Productivity: Task managers, calendar tools, note-taking apps, focus timers, PDF tools, OCR, screen recording, email helpers, file automation.

Creative and writing work: Markdown editors, screenshot/annotation tools, image compression, design helpers, mind-mapping, grammar or writing utilities.

Occasional-use apps: This is where SetApp shines. Apps you might need twice a month; PDF conversion, batch renaming, file recovery, screenshot cleanup, video compression; are hard to justify buying individually but easy to use inside a subscription.

Some Of The Apps I Use Currently From SetApp

  • CleanMyMac
  • CleanShot X
  • Craft
  • Paste
  • Keysmith
  • 24-Hour Wallpaper
  • Supercharge
  • Lasso
  • PopClip
  • iStat Menus
  • Default Folder X
  • Forklift

Pricing And Value

The value depends entirely on how many included apps you genuinely use. If you use three to five paid apps regularly, SetApp can pay for itself quickly. For example, CleanMyMac alone is often a major reason people keep SetApp, because it is also sold separately as a paid subscription or license. CleanMyMac alone is somewhere around $50 per year or something crazy like that.

But if you only use one app, the math may not work. That is why SetApp’s newer single-app options matter: MacPaw has begun letting users buy or subscribe to selected apps individually rather than paying for the full catalog.

Screenshot of the Setapp Membership Pricing page showing three subscription plans in a side-by-side comparison. The plans are Mac for $9.99/month, Mac + iOS for $12.49/month, and Power User for $14.99/month. Each plan includes a brief description, supported device limits, and a prominent “Start 7-day free trial” button. The Mac + iOS plan is visually highlighted as the best value option. At the top of the page are toggle switches for adding AI+ features and enabling annual billing discounts. The pricing table is displayed on a beige background within a rounded window against a teal-to-green gradient backdrop.

User Experience

The SetApp desktop app is excellent. Search is fast, installation is simple, and app discovery is better than the Mac App Store for many utility categories. You can browse by task rather than by app name, which is useful when you know the problem; “clean up storage,” “edit PDFs,” “record screen”; but not the best app for it.

Updates are handled cleanly, licensing is painless, and you do not have to manage separate license keys. That alone is a major quality-of-life benefit for people who use many indie Mac apps.

Screenshot of the Setapp desktop application displaying the All Apps catalog. A navigation sidebar on the left includes sections such as My Explorer, Favorites, My Apps, Collections, How-tos, App Guides, and All Apps, with categories for Optimize, Work, Create, Develop, and Solve with AI+. The main content area features a searchable list of highly rated applications, including Supercharge, CleanShot X, TextSniper, Numi, Ulysses, TablePlus, MindNode Classic, Yoink, and DevUtils. Each app listing shows an icon, brief description, compatibility information, and approval rating. At the top are a search bar, an AI Assistant button, account controls, and filters for Mac Apps, iOS Apps, and Web Apps, with results sorted by Top Rated. The application window appears against a soft teal-to-green gradient background.

Downsides

The main downside is subscription dependency. Stop paying, and you lose access to the apps through SetApp. For tools that become central to your workflow, that can feel risky.
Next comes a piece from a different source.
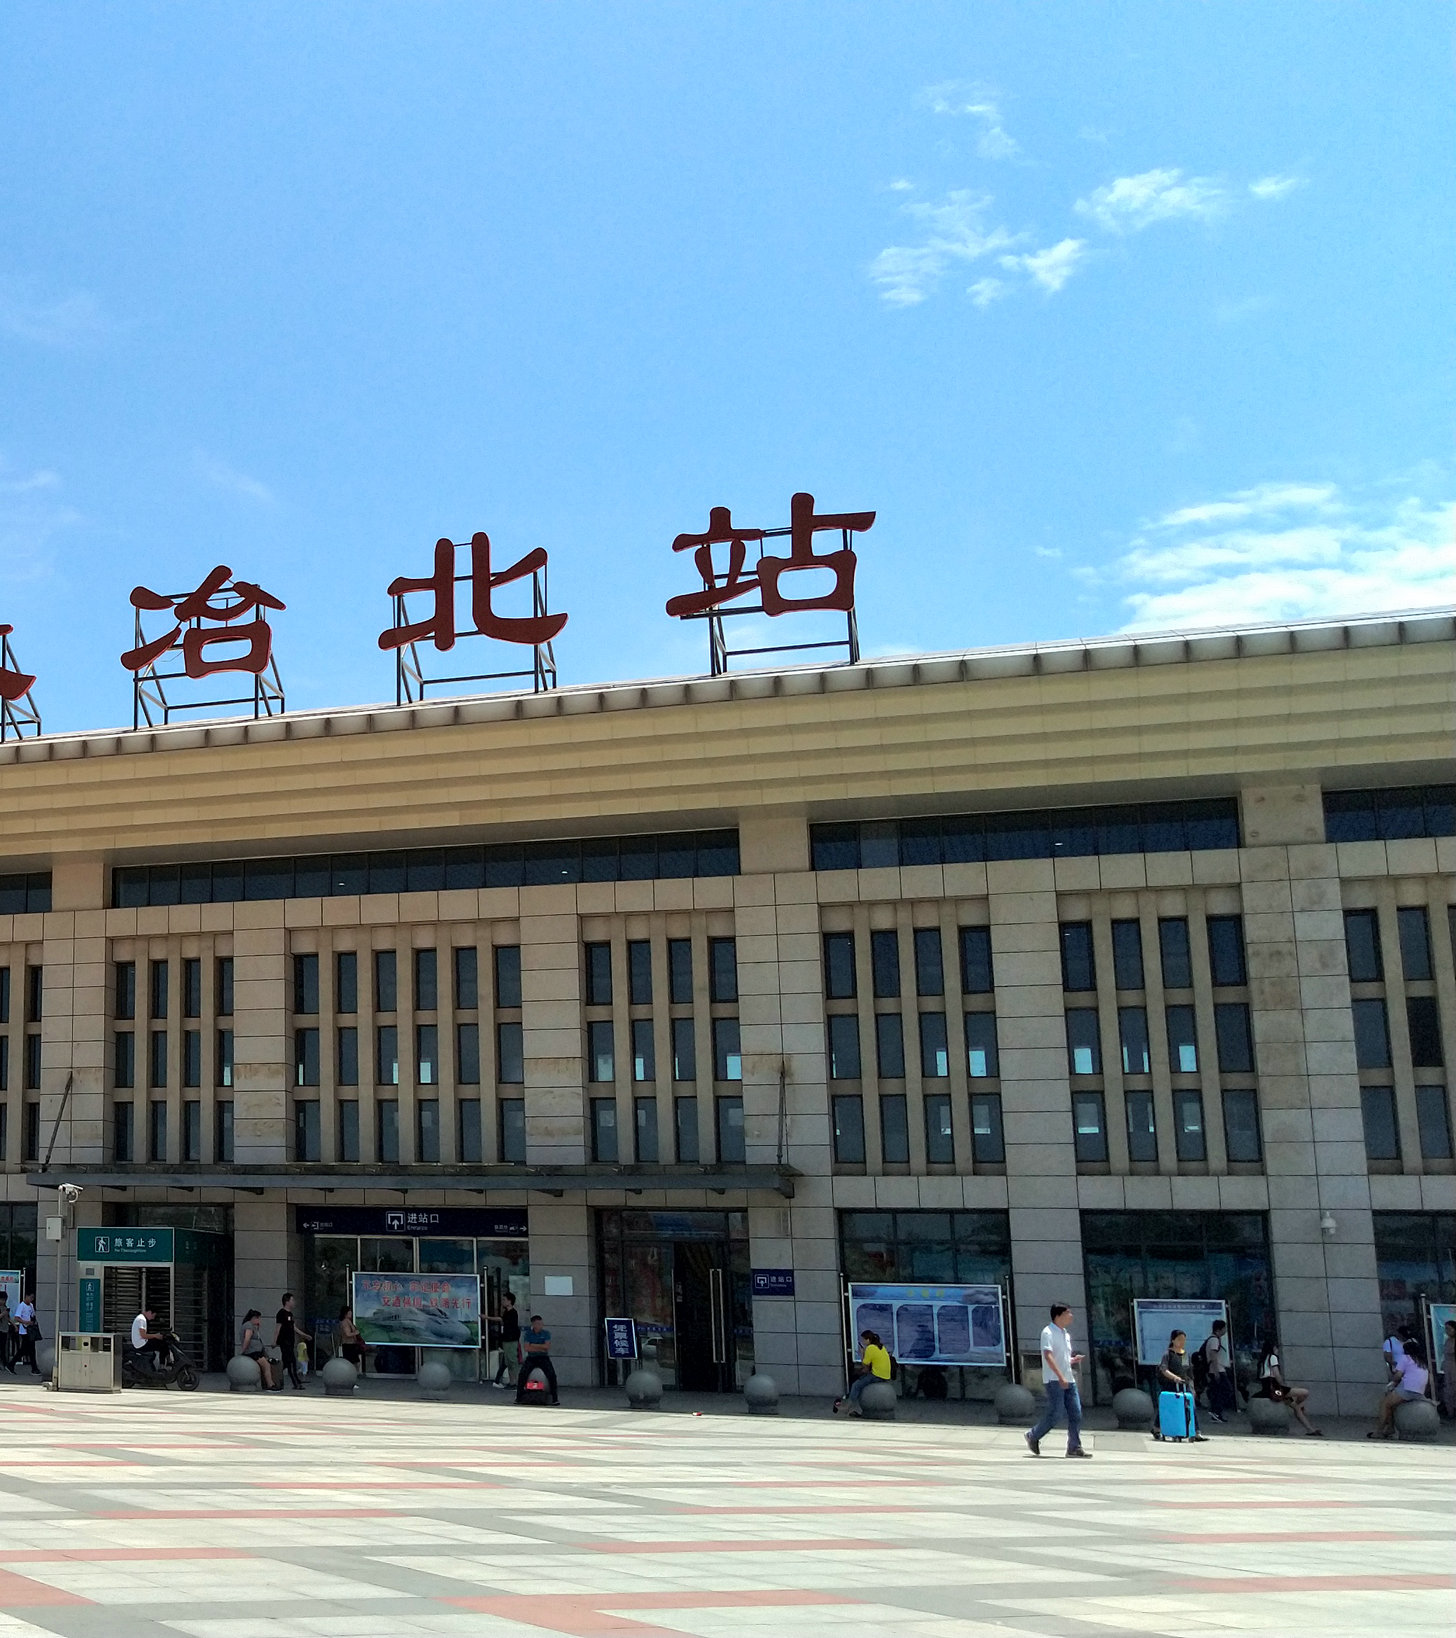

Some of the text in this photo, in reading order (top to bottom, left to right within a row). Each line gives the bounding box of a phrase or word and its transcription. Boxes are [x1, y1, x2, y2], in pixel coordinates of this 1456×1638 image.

The catalog is also curated, not comprehensive. You will not find every premium Mac app, and some categories are stronger than others. Pro creative tools, developer IDEs, high-end audio/video apps, and niche enterprise software are mostly outside SetApp’s sweet spot.

What It's Best For

SetApp is best for Mac users who like trying better tools, freelancers, students, writers, consultants, creators, and power users who regularly need utilities but do not want to buy each app separately.

It is not ideal for minimalists, people who prefer owning lifetime licenses, or users who already have a fixed set of purchased apps they are happy with.